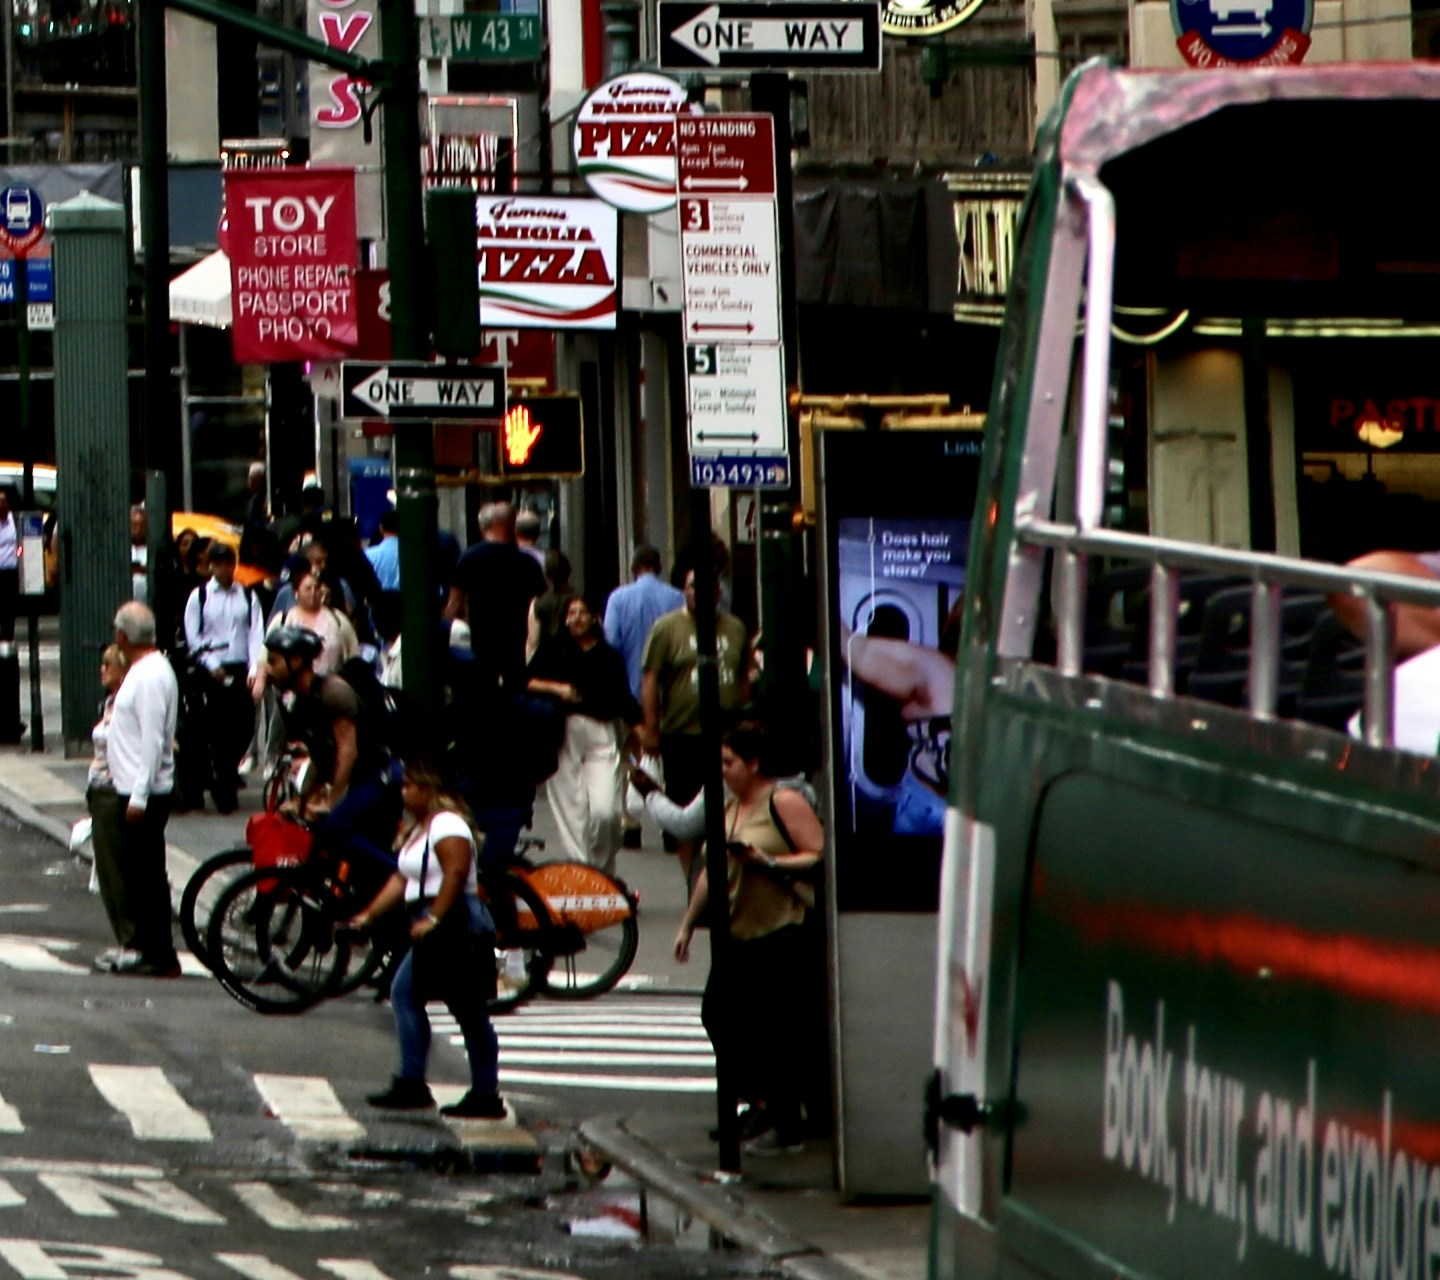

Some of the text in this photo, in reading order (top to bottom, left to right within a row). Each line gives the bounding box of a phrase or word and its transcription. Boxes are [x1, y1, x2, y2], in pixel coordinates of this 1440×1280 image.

[453, 20, 472, 52] W
[482, 19, 510, 53] 43
[693, 20, 849, 49] ONE WAY
[609, 81, 672, 97] Famous
[579, 122, 677, 156] PIZZ
[681, 122, 756, 138] NO STANDING
[681, 154, 745, 171] Except Sunday
[245, 196, 336, 232] TOY
[489, 202, 568, 222] Famous
[687, 200, 703, 230] 3
[477, 225, 595, 241] AMIGLIA
[254, 235, 327, 256] STORE
[686, 244, 757, 258] COMMERCIAL
[477, 247, 615, 285] IZZA
[688, 261, 771, 276] VEHICLES ONLY
[238, 264, 351, 289] PHONE REPAIR
[239, 290, 351, 316] PASSPORT
[689, 300, 753, 313] Except Sunday
[258, 318, 331, 342] PHOTO
[695, 345, 710, 374] 5
[693, 402, 756, 415] Except Sunday
[943, 439, 985, 457] Link
[695, 463, 765, 482] 103493
[882, 530, 951, 547] Does hair
[882, 547, 952, 565] make you
[882, 562, 928, 578] stare?
[1102, 979, 1177, 1225] Book,
[1184, 1022, 1247, 1263] tour,
[1255, 1058, 1317, 1258] and

WORK TO COMPLETE. An exact copy of the listing above, minus its pictures, is what is needed here.

WRITTEN SOLUTION.
Some of the text in this photo, in reading order (top to bottom, left to right within a row). Each line gives the bounding box of a phrase or word and its transcription. Boxes are [x1, y1, x2, y2], in pixel coordinates of this 1440×1280 image.

[453, 20, 472, 52] W
[482, 19, 510, 53] 43
[693, 20, 849, 49] ONE WAY
[609, 81, 672, 97] Famous
[579, 122, 677, 156] PIZZ
[681, 122, 756, 138] NO STANDING
[681, 154, 745, 171] Except Sunday
[245, 196, 336, 232] TOY
[489, 202, 568, 222] Famous
[687, 200, 703, 230] 3
[477, 225, 595, 241] AMIGLIA
[254, 235, 327, 256] STORE
[686, 244, 757, 258] COMMERCIAL
[477, 247, 615, 285] IZZA
[688, 261, 771, 276] VEHICLES ONLY
[238, 264, 351, 289] PHONE REPAIR
[239, 290, 351, 316] PASSPORT
[689, 300, 753, 313] Except Sunday
[258, 318, 331, 342] PHOTO
[695, 345, 710, 374] 5
[693, 402, 756, 415] Except Sunday
[943, 439, 985, 457] Link
[695, 463, 765, 482] 103493
[882, 530, 951, 547] Does hair
[882, 547, 952, 565] make you
[882, 562, 928, 578] stare?
[1102, 979, 1177, 1225] Book,
[1184, 1022, 1247, 1263] tour,
[1255, 1058, 1317, 1258] and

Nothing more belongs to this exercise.